Victorien Sardou non è mai stato uno scrittore poliedrico, anche se riusciva dove altri non erano così incisivi: tesseva dialoghi efficaci e incalzanti e allo stesso tempo immaginava soluzioni sorprendenti.
Una delle sue opere più conosciute è La Tosca: dramma scritto verso la fine del XIX secolo e interpretato da Sarah Bernhardt — una delle più grandi attrici di teatro del XIX secolo e tra le prime a registrare un suo brano su un cilindro sonoro — che seppe passare dal teatro al cinema muto con successo, fino a diventare ispiratrice di Marcel Proust e Oscar Willde. Si narra che fu proprio una magnifica interpretazione della Bernhardt a colpire Giacomo Puccini, in occasione di una replica di La Tosca al Teatro dei Filodrammatici di Milano. Puccini convinse l’editore Giulio Ricordi ad acquistare i diritti dell’opera teatrale, anche se l’autorizzazione a musicarla inizialmente venne concessa ad Alberto Fracchetti. Successivamente, Luigi Illica preparò l’abbozzo del libretto che venne approvato da Sardou di fronte a Ricordi e Giuseppe Verdi. Si narra che un vecchio e stanco Verdi avrebbe voluto musicare personalmente Tosca, avendone amato fin dal principio la struttura narrativa.
La prima rappresentazione di Tosca si tenne a Roma, al Teatro Costanzi, il 14 gennaio 1900: in due anni ben quarantatre riprese nei teatri di tutto il mondo e critica alquanto disorientata dalla violenza delle scene. L’anno dopo Verdi sarebbe morto. L’ombra della Bernhardt rimase per anni legata a Tosca, tanto che Giuseppe Giacosa ebbe modo di partecipare alla stesura del libretto definitivo, sebbene in modo scettico perché riteneva che il successo di Tosca fosse dovuto alle sole memorabili interpretazioni della Bernhardt. In qualche modo Tosca nasceva già come opera indissolubilmente legata a un personaggio femminile reale, come sarebbe più tardi riconfermato con Maria Callas, quando al Covent Garden di Londra offrì una interpretazione di Tosca tanto intensa e drammatica da legare per sempre il suo nome all’eroina pucciniana.
Quello che tutti ricordano in Tosca, assieme a due celebri romanze — Vissi d’arte, romanza di Tosca (atto II), E lucevan le stelle, romanza di Cavaradossi (atto III) —, sono la storia vissuta da questo personaggio, i movimenti bruschi e compressi, le sue reazioni e al sua destrezza. Tosca sembra essere la prima opera lirica ad alta cifra cinematografica. La gelosia di Tosca, la lotta con Scarpia, la successiva decisione di ucciderlo e il suo congedo da Cavaradossi hanno reso questo personaggio indimenticabile nel panorama della lirica.

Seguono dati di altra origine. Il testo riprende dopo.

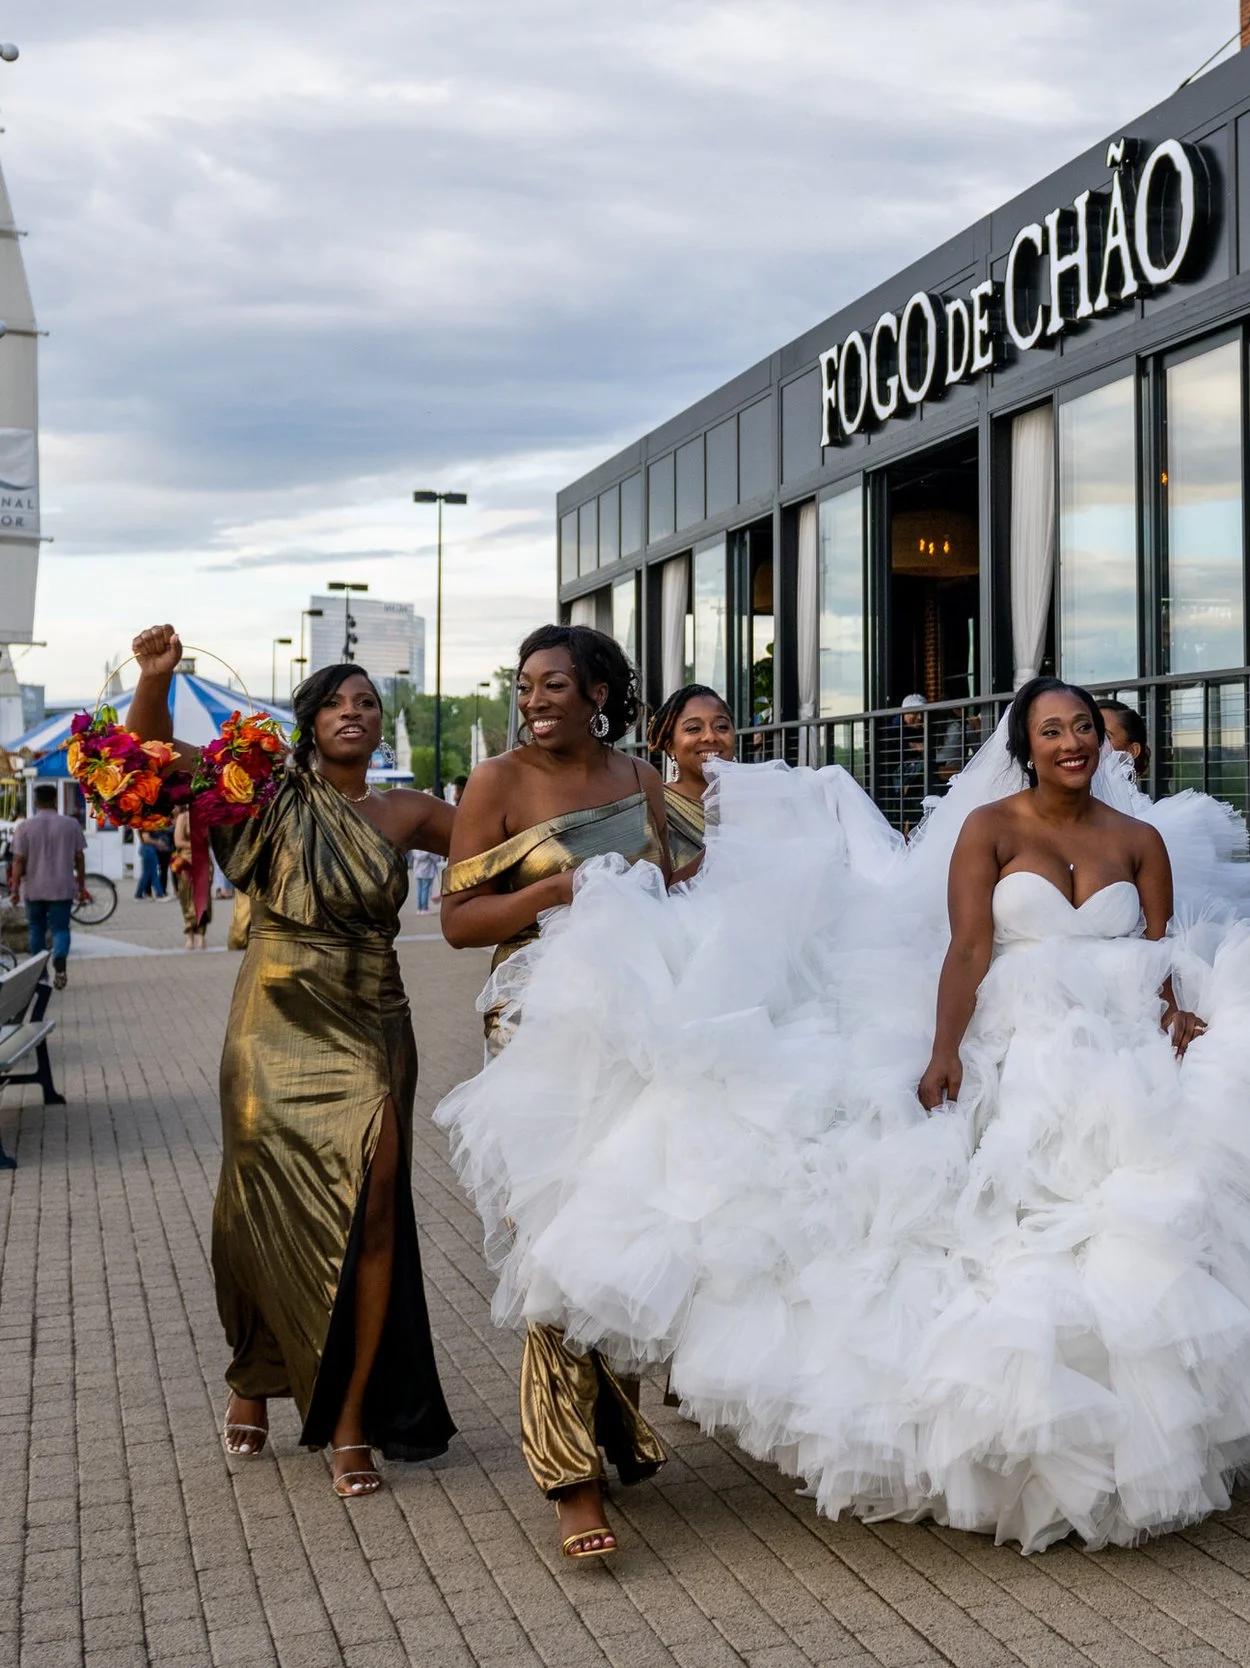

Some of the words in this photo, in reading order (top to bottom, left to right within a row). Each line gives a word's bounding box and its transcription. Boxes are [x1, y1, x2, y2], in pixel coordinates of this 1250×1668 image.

[818, 291, 937, 447] FOGO
[944, 279, 994, 386] DE
[1004, 137, 1195, 350] CHÃO

Per musicare Tosca, Puccini decise di non lasciare nulla al caso. Per eseguire secondo il rito romano il Te Deum da inserire nel finale del primo atto, Puccini volle conoscere l’intonazione del Campanone di San Pietro. Inoltre, chiese consulenza a vari poeti e scrittori romani, in modo da conferire al brano un tono folcloristico in reale dialetto romanesco del tempo. La Roma dell’età napoleonica, da Sant’Andrea della Valle, passando per Palazzo Farnese fino a Castel Sant’Angelo, doveva essere minuziosamente rappresentata nell’opera. Puccini ebbe perfino modo di conoscere e comprendere gli usi e i costumi del Corpo di polizia papalina, dal quale estrasse il ben noto Scarpia. Per questi motivi, Tosca esige una precisa interpretazione storica e religiosa e lascia poco spazio a manomissioni scenografiche in nome dell’innovazione.

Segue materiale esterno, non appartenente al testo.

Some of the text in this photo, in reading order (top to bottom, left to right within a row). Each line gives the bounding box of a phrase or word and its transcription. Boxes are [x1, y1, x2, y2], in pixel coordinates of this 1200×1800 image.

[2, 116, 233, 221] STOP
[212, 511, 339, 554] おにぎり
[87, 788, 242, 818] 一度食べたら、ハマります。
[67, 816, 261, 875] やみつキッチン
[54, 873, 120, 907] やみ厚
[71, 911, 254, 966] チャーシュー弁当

Sulla base di questo assunto, l’allestimento di Hugo de Ana per l’86° Festival Areniano è da ritenersi ben centrato, rispettoso dell’incidenza religiosa sulla trama. All’ingresso in Arena si nota subito la sontuosità della scenografia, che riscuote ampi consensi di pubblico. L’ambientazione romana in età napoleonica è salva e svelata da un colossale angelo, dalla presenza di crocifissi e rosari e dal dipinto del Cavaradossi: il Noli me tangere del Correggio, dove è rappresentata l’apparizione del Cristo risorto a Maria Maddalena. Purtroppo, ben presto ci si rende conto che a fronte di questo rigore storico nell’allestimento non corrisponde una convincente drammaticità corale dei personaggi, implicita in questa più che in altre opere.

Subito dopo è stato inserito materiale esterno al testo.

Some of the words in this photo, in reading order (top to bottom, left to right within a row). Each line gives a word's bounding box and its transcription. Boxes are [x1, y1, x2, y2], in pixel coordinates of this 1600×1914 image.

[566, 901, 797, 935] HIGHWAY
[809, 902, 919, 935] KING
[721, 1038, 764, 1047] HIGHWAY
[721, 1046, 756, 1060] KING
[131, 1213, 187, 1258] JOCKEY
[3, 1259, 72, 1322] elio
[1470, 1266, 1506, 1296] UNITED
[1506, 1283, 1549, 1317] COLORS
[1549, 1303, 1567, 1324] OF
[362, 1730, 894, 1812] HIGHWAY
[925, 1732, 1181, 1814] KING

Daniela Dessì ben interpreta una Tosca ormai personalizzata ed è in grado di sfaccettare la complessità di questo personaggio, passionario e capace di qualsiasi sentimento. Tosca e Scarpia, interpretato da Marcelo Alvarez, intonano una relazione perversa; Tosca ama e allo stesso tempo odia a tal punto Scarpia da non potere che ucciderlo. La Dessì tiene bene in mano il personaggio, padroneggiando ogni sfumatura e restituendo in modo convincente la cifra introspettiva di una Tosca vestita in modo pesante, come a testimoniare il calvario personale da lei vissuto. Ancora sul fronte vocale, non convince del tutto Alvarez, a tratti impacciato, anche se ben immedesimato nel personaggio. Si nota qualche limite tecnico come la mancanza di importanti sfumature e la difficoltà di padroneggiare alcuni acuti. Bis a grande richiesta per le due celeberrime romanze pucciniane. Applauditissima la Dessì, ancora più convincente nella replica e istrionico Alvarez, dissetato da un generoso orchestrale.
Nel ruolo di Scarpia un Alberto Mastromarino troppo nasale e poco credibile come barone. Senza lodi e senza infamia i ruoli da comprimari. Bravo Giuliano Carella, milanese, ma ormai veronese d’adozione, direttore abile a rispettare i tempi, anche se capace di dilatarli per dar spazio al fraseggio vocale. In definitiva, una Tosca godibile, perché ben interpretata e diretta. Tra le opere in cartellone, sicuramente la meglio riuscita.